Histological sections of the spleen, liver and brain of the mouse sacrificed 18 days post-interaction were analyzed, finding trophozoites but no cyst (Figure 5A–C). It is important to highlight that in the spleen we observed hypertrophy and hyperplasia. Abundant trophozoites were observed in the white pulp-forming cells of the spleen (Figure 5A). In the liver, trophozoites were observed adhered to hepatocytes (Figure 5B). At brain level in some areas, we observed a moderate glial reaction in which trophozoites were immunolocalized (Figure 5C).
Group 2: Mice without apparent lesions sacrificed 24, 48 and 72 h post intradermal inoculation. Trophozoites were observed in optimal conditions and constantly along the dermis attached between the collagen fibers and interacting with dermal components such as sebaceous. No differences were observed between the evaluated times (Figure 6A–C).
Control group (trophozoites inoculated in ventral zones). Ventral areas showed well-organized collagen fibers at the dermis. At hypodermis, the mice strain characteristic hair cysts were observed. Histologically normal tissue was observed: well-organized layers of skin and without the presence of amoebae (Figure 6D).

2.3. In Vitro Determination of the Adhesion of A. castellanii Trophozoites to Type I Collagen and Its Collagenolytic Activity

Trophozoites adhered strongly to type I collagen; since the first 5 min, 15% of trophozoites adhered to the collagen film and about 80% of the amoebic population did so within 30 min of the interaction.

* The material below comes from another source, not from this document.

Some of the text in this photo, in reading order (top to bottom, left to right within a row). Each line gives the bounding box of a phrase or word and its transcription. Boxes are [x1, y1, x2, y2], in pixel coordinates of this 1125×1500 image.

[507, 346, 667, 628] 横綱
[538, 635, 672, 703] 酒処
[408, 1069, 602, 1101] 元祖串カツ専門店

Collagenolytic activity was expressed as the percentage of degradation of a type I collagen film after 16 h of interaction. The trophozoites of the strain under study showed moderate activity, degrading 40% of the substrate, the conditioned medium showed significantly less activity by degrading only 4% of the collagen substrate.

3. Discussion

The implementation of an experimental model of cutaneous infection by amoebae of the genus Acanthamoeba is necessary to understand the mechanisms involved in the pathogenicity of these amphizoic amoebae in different target tissues, which possibly contributes to the compression of physiological processes that participate during the invasion of amoebae, as well as the search for better diagnoses and therapies, which allow an earlier resolution of the infection if possible, minimizing the damage that amoebae can induce to the skin and other organs. Since the pathogenic potential of amphizoic amoebae of Acanthamoeba genus was demonstrated, several assays have been carried out on different animal models, with the purpose of describing the histopathological findings of experimental infections induced by these amoebae in the cornea and mainly in the CNS. These findings were reported in healthy as well as diabetic organisms, in periods of time ranging from 3 to 14 days, and even up to 7 months post-inoculation [5,13,27,28,29,30].

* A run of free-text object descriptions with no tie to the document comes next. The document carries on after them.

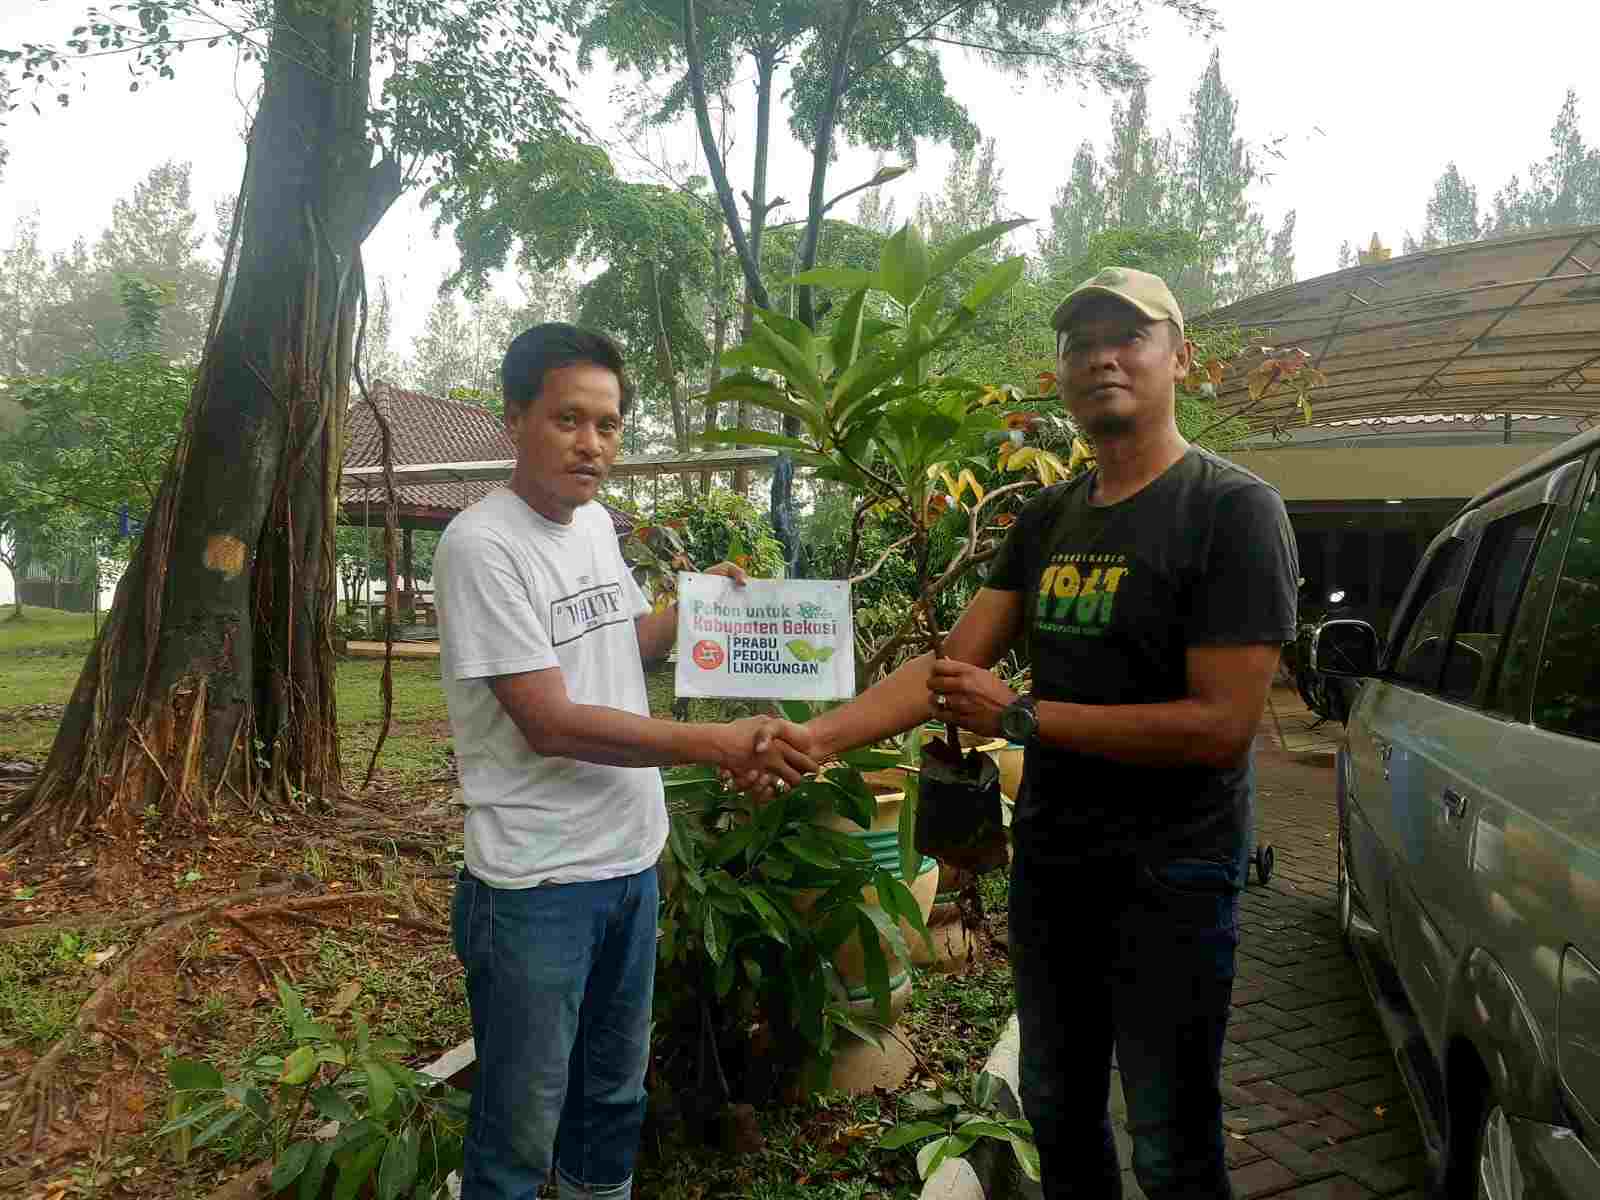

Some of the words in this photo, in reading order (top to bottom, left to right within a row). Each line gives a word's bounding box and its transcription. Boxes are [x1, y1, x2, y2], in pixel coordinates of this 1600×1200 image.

[746, 602, 791, 619] untuk
[783, 619, 837, 635] Bekasi
[733, 637, 777, 649] PRABU
[733, 650, 780, 662] PEDULI
[733, 663, 819, 675] LINGKUNGAN
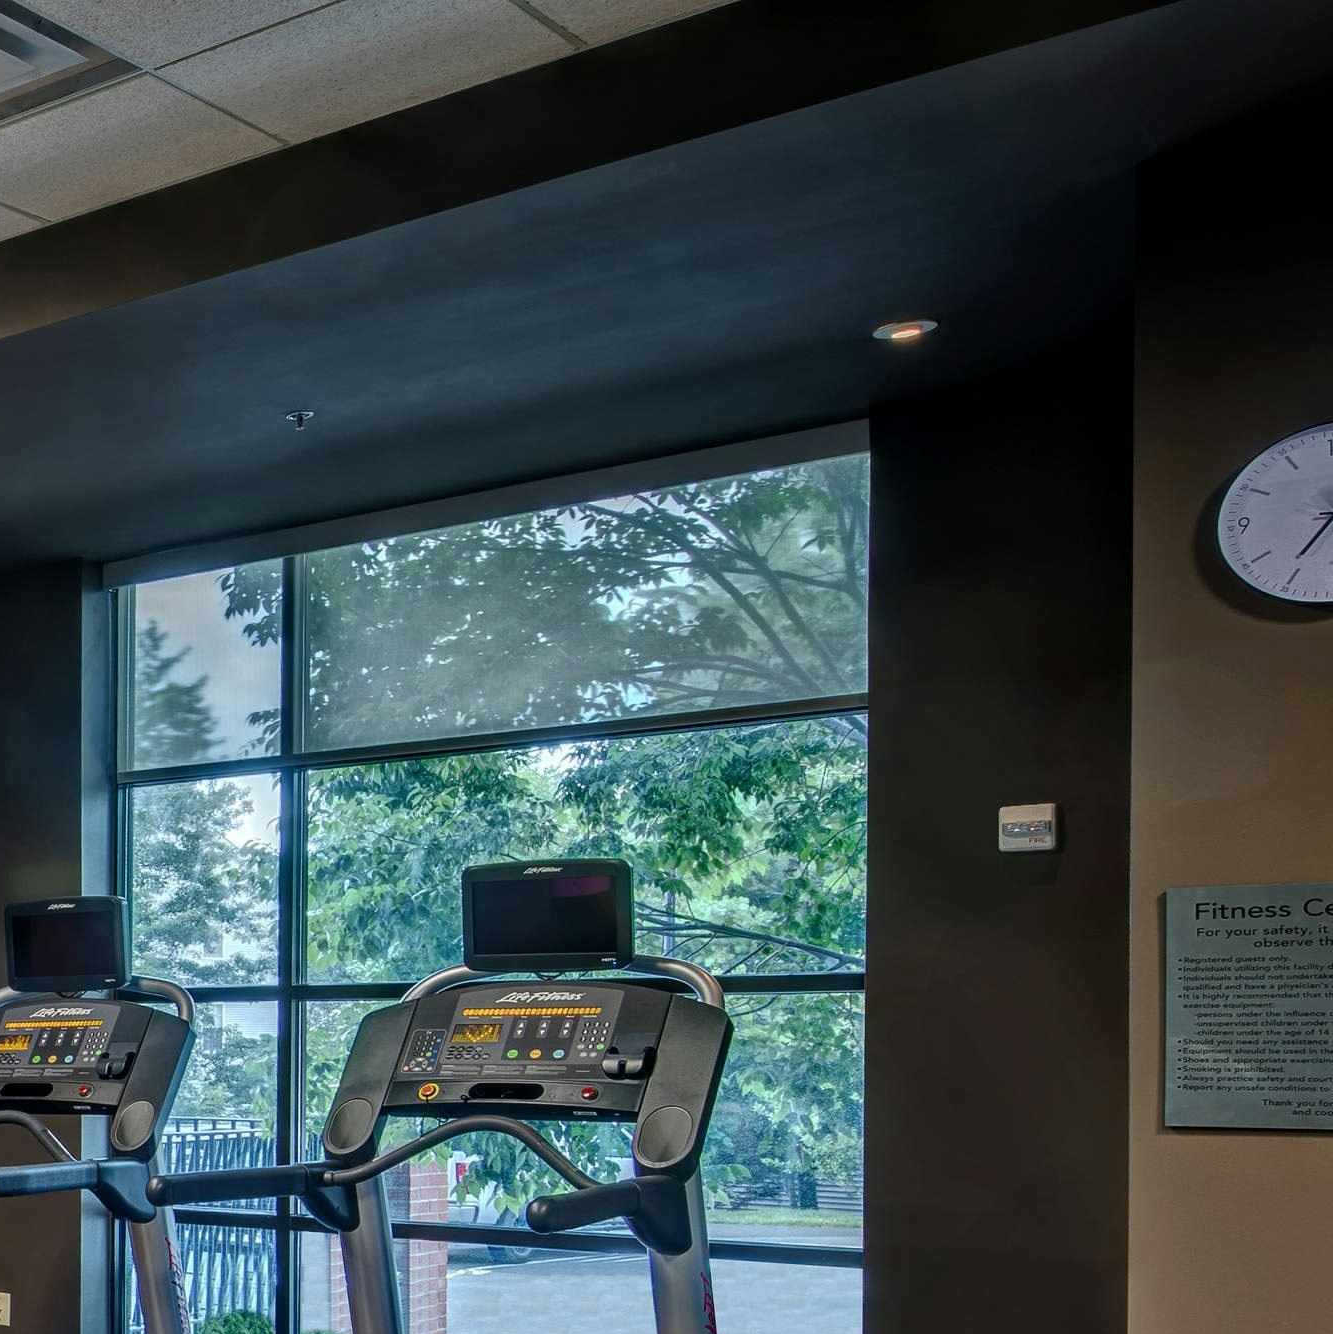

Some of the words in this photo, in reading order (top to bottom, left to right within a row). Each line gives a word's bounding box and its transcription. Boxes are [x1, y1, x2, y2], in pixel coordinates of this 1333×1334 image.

Until now, the early invasion events that take place since Acanthamoeba spp. comes into contact with the skin until amoebae induce injury had not been reported.

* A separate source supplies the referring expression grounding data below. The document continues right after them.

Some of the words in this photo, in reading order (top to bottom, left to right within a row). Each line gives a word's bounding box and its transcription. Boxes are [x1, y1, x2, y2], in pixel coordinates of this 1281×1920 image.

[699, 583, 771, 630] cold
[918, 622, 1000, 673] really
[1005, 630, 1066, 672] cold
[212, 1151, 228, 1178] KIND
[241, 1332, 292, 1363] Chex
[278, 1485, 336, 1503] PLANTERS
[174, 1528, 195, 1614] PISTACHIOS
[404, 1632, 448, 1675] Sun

Based on the results obtained in this study, we consider that through the in vivo experimental model in which the SKH-1 mouse was used, it was possible to demonstrate that the trophozoites of A. castellanii, a common species of AK and GAE cases in humans, are capable of invading and causing damage to chronically irradiated skin—being the main focus from which they invade different organs, including the CNS.
During the implementation of the murine model of skin irradiated with UV-B light, UV-B radiation was found to cause skin lesions in SKH-1 mice; an erythematous lesion and a lesion related to the development of neoplasic lesion (squamous cell carcinoma) which coincides with Mäkinen and Stenbäck [31] and Cano et al. [32], who reported that excessive exposure to UV-B is carcinogenic and that epidermal and dermal lesions are easier to be induced by UV-B radiation in SKH-1 mice. In addition, a great similarity has been recognized between the lesions developed in experimental animals with those that take place in the human skin after chronic exposure to ultraviolet radiation [33]. For that reason, the nude SKH-1 mice established model was useful for the study of A. castellanii infection in damaged or undamaged skin.
The A. castellanii trophozoites invasion process begins with the adhesion of amoebae to the surface of the epithelium where they were placed, or from where they were inoculated. Trophozoites were able to penetrate the epithelial layers, subsequently reach the dermis, hypodermis, and muscle, showing avidity for hair cysts. It is relevant to highlight the erythematous lesion in which an integral epithelium is observed, which means that amoebae were able to penetrate it, since, as is known, erythema is an inflammatory process that occurs in the dermis and does not significantly involve the epithelium.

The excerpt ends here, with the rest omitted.